**TASK ITEM**
Retype each entry exactly as written, and keep the pictures out of the copy.

[Spatial localization data]
[Start of section]

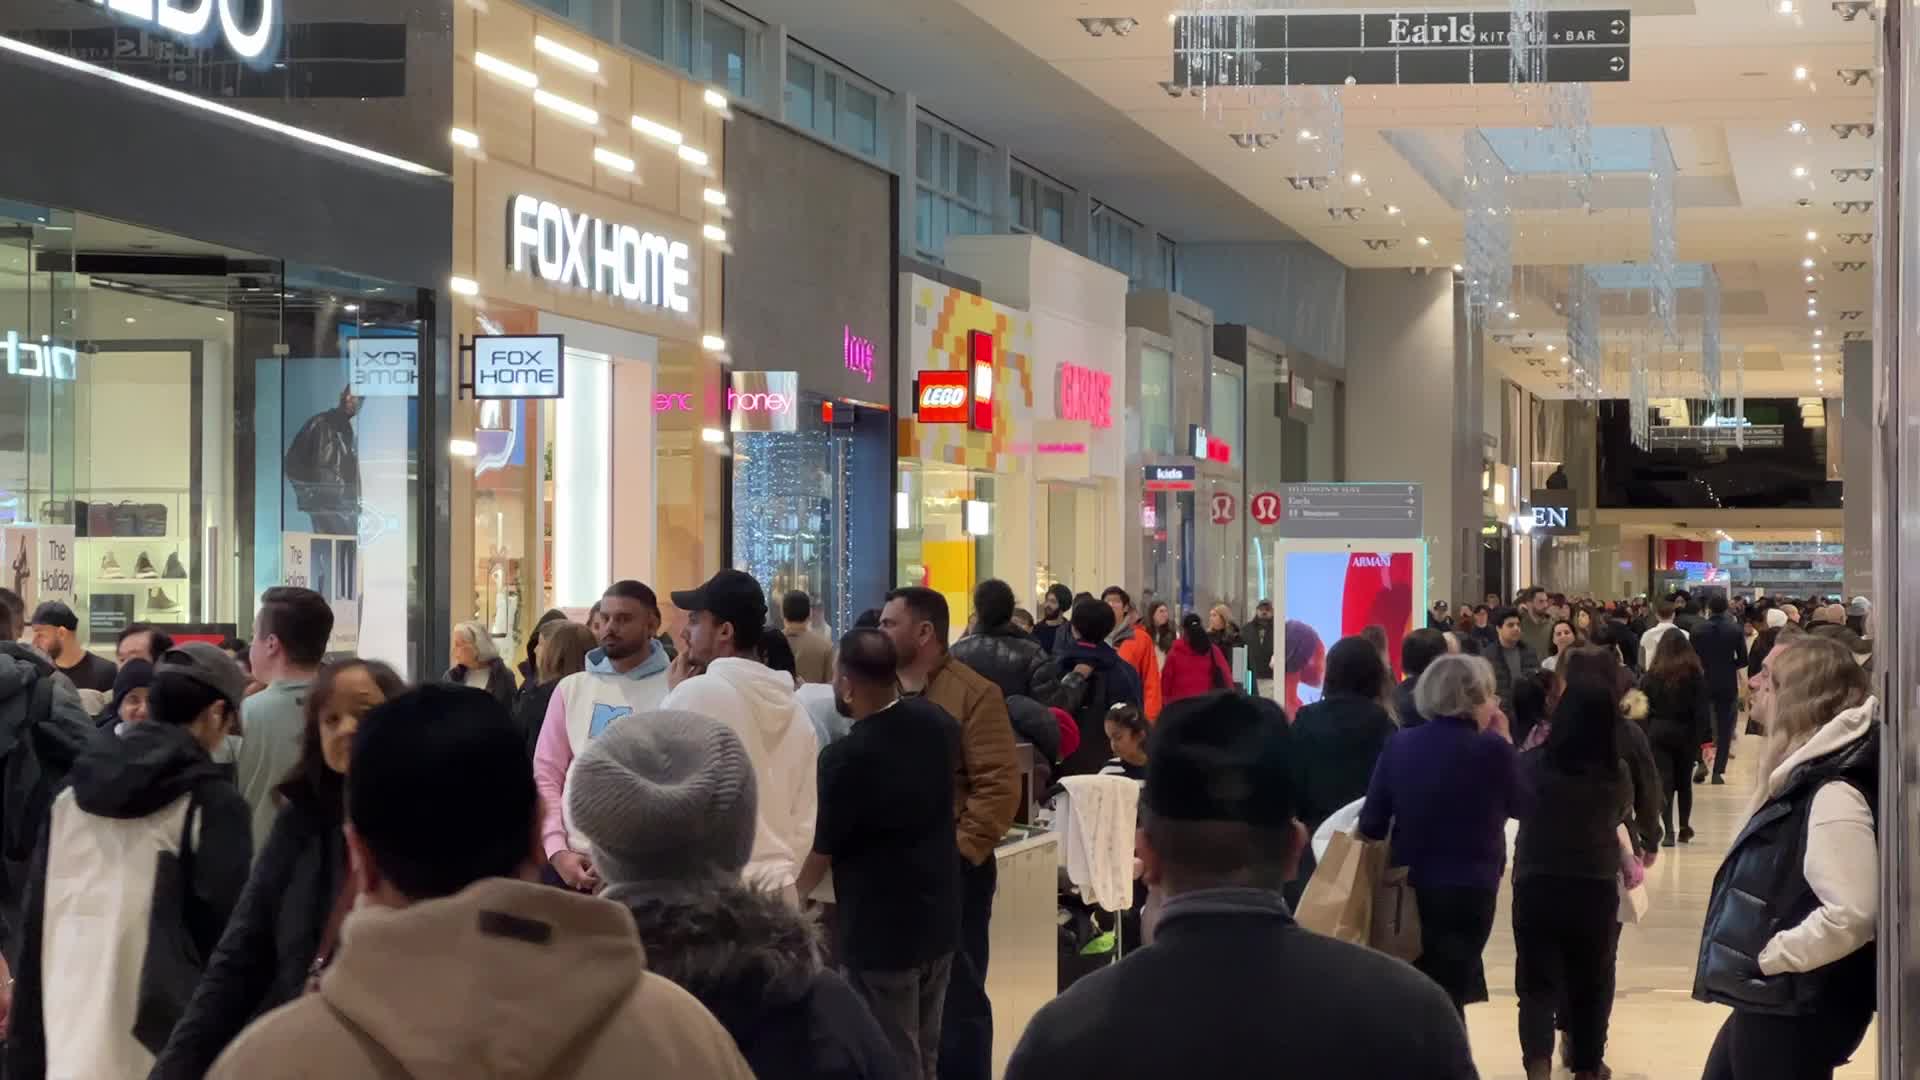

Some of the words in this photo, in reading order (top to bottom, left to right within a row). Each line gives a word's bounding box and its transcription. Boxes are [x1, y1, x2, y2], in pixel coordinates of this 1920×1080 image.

[1388, 16, 1475, 44] Earls
[1566, 30, 1597, 42] BAR
[513, 193, 590, 289] FOX
[594, 217, 689, 313] HOME
[491, 350, 542, 366] FOX
[480, 369, 555, 384] HOME
[727, 387, 794, 415] honey
[921, 385, 967, 408] LEGO
[1061, 361, 1113, 430] GARAGE
[1156, 467, 1183, 480] kids
[48, 540, 66, 561] The
[290, 544, 303, 565] The
[1352, 556, 1392, 568] ARMANI
[41, 567, 74, 594] Holiday
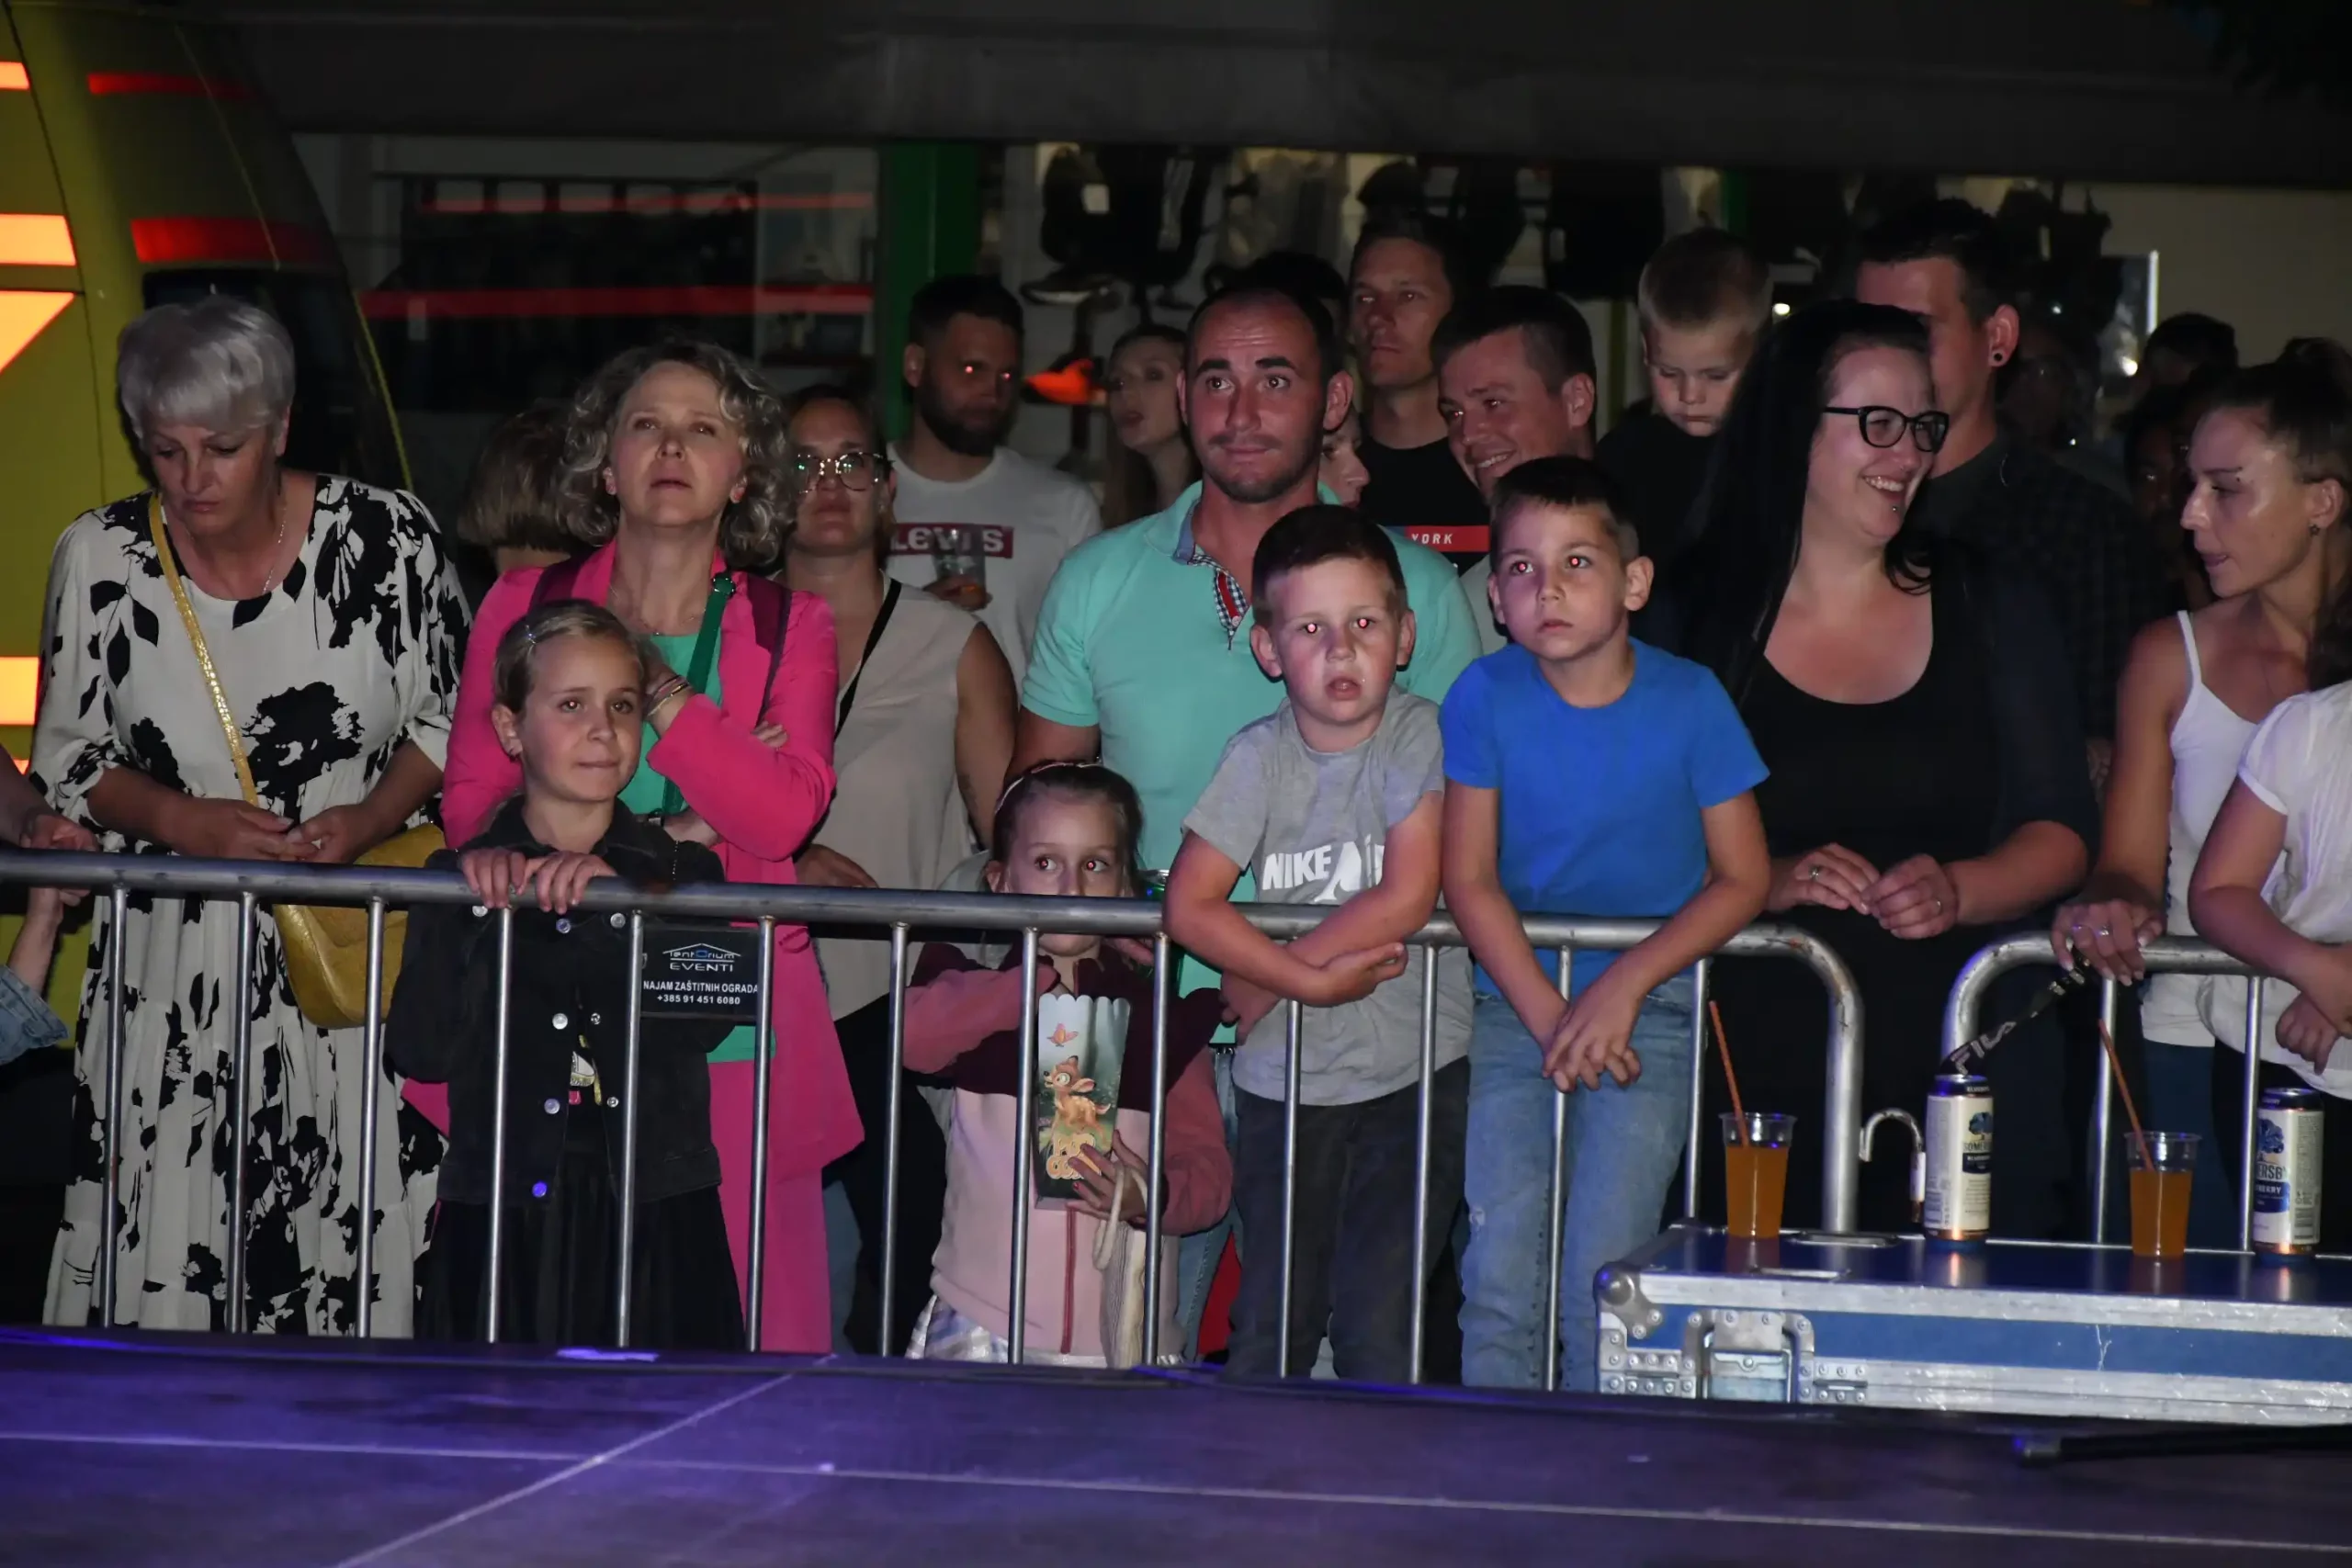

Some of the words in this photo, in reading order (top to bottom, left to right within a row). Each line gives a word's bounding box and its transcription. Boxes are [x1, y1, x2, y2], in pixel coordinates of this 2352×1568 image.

[1411, 533, 1453, 545] YORK
[1261, 844, 1332, 891] NIKE
[670, 963, 733, 972] EVENTI
[643, 980, 673, 990] NAJAM
[674, 980, 720, 992] ZAŠTITNIH
[721, 983, 758, 993] OGRADA
[657, 994, 681, 1002] +385
[683, 995, 695, 1003] 91
[696, 995, 714, 1004] 451
[717, 996, 741, 1005] 6080
[1950, 1021, 2018, 1076] FILA

[End of section]

**ANSWER TO THIS TASK**
Some of the words in this photo, in reading order (top to bottom, left to right within a row). Each line gives a word's bounding box and its transcription. Boxes are [x1, y1, x2, y2], in pixel coordinates of this 1920×1080 image.

[1388, 16, 1475, 44] Earls
[1566, 30, 1597, 42] BAR
[513, 193, 590, 289] FOX
[594, 217, 689, 313] HOME
[491, 350, 542, 366] FOX
[480, 369, 555, 384] HOME
[727, 387, 794, 415] honey
[921, 385, 967, 408] LEGO
[1061, 361, 1113, 430] GARAGE
[1156, 467, 1183, 480] kids
[48, 540, 66, 561] The
[290, 544, 303, 565] The
[1352, 556, 1392, 568] ARMANI
[41, 567, 74, 594] Holiday

Some of the words in this photo, in reading order (top to bottom, left to right within a row). Each line gives a word's bounding box and its transcription. Boxes are [x1, y1, x2, y2], in pixel coordinates of this 2352×1568 image.

[1411, 533, 1453, 545] YORK
[1261, 844, 1332, 891] NIKE
[670, 963, 733, 972] EVENTI
[643, 980, 673, 990] NAJAM
[674, 980, 720, 992] ZAŠTITNIH
[721, 983, 758, 993] OGRADA
[657, 994, 681, 1002] +385
[683, 995, 695, 1003] 91
[696, 995, 714, 1004] 451
[717, 996, 741, 1005] 6080
[1950, 1021, 2018, 1076] FILA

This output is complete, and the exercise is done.